Six
A/N : Alhamdulillah rating Sensitivity di kategori cerita pendek udah 20 an :" thanks bgt ya semua nya! Trailer sudah ku buat. Silahkan cek di chapter 'Sensitivity' :)
“Sama dengan ku, Revika.”
Aku tercekat. Lalu menoleh ke arah Joy dengan perlahan. “Apa maksud mu?”

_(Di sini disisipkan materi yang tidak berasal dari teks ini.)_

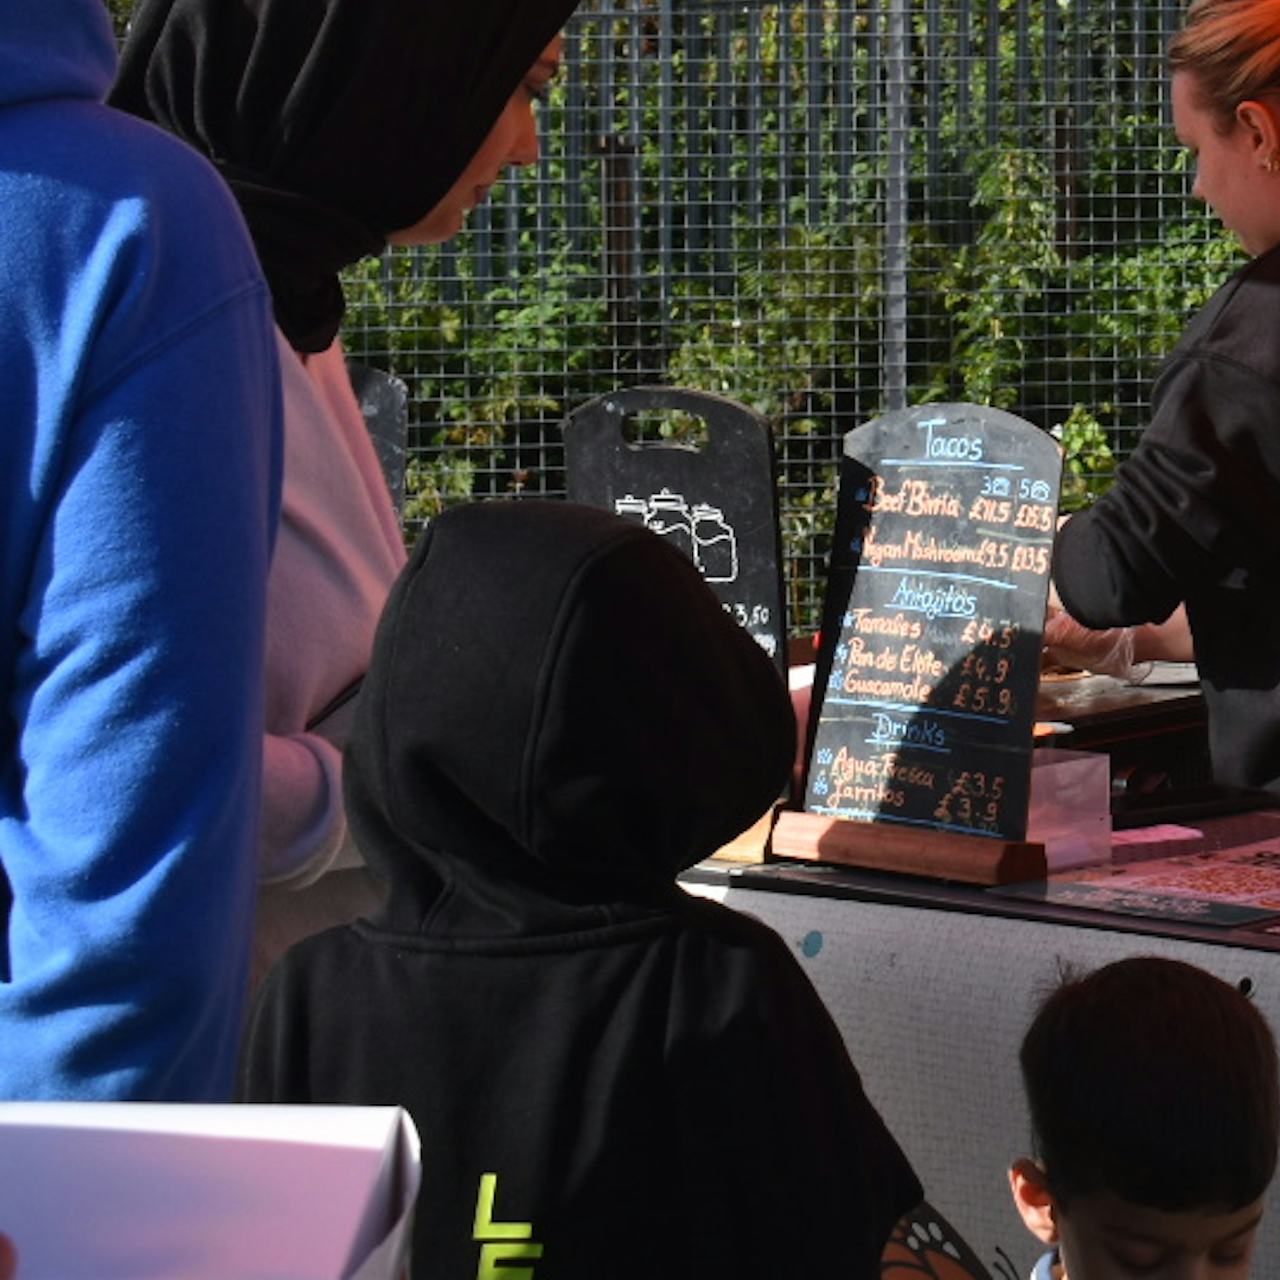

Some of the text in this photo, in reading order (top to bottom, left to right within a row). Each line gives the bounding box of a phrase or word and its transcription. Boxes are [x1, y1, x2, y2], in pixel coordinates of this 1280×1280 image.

[916, 419, 983, 461] Tacos
[864, 476, 909, 512] Beef
[862, 526, 903, 567] Vegan
[852, 608, 921, 638] Tamales
[849, 637, 874, 666] Pan
[876, 646, 898, 671] de
[872, 713, 946, 746] Drinks
[826, 775, 905, 808] Jarritos

Joy menyengir tak jelas. Kemudian dia menepuk kepala ku dan menetapkan tangannya disana. “Tidak. Tidak apa-apa,”
“Beritahu aku, Joy. Sebetulnya aku bisa mengetahui nya dengan memandang mata mu. Tetapi aku ingin kau memberitahu ku,”tutur ku jujur.
Joy memandang ku dengan mata menyipit. Lalu mata nya melebar, seakan tahu benar apa perasaan ku sebenarnya. Setelah itu, ia menghela nafas panjang. “Baiklah. Kau ingin tahu masa lalu ku?”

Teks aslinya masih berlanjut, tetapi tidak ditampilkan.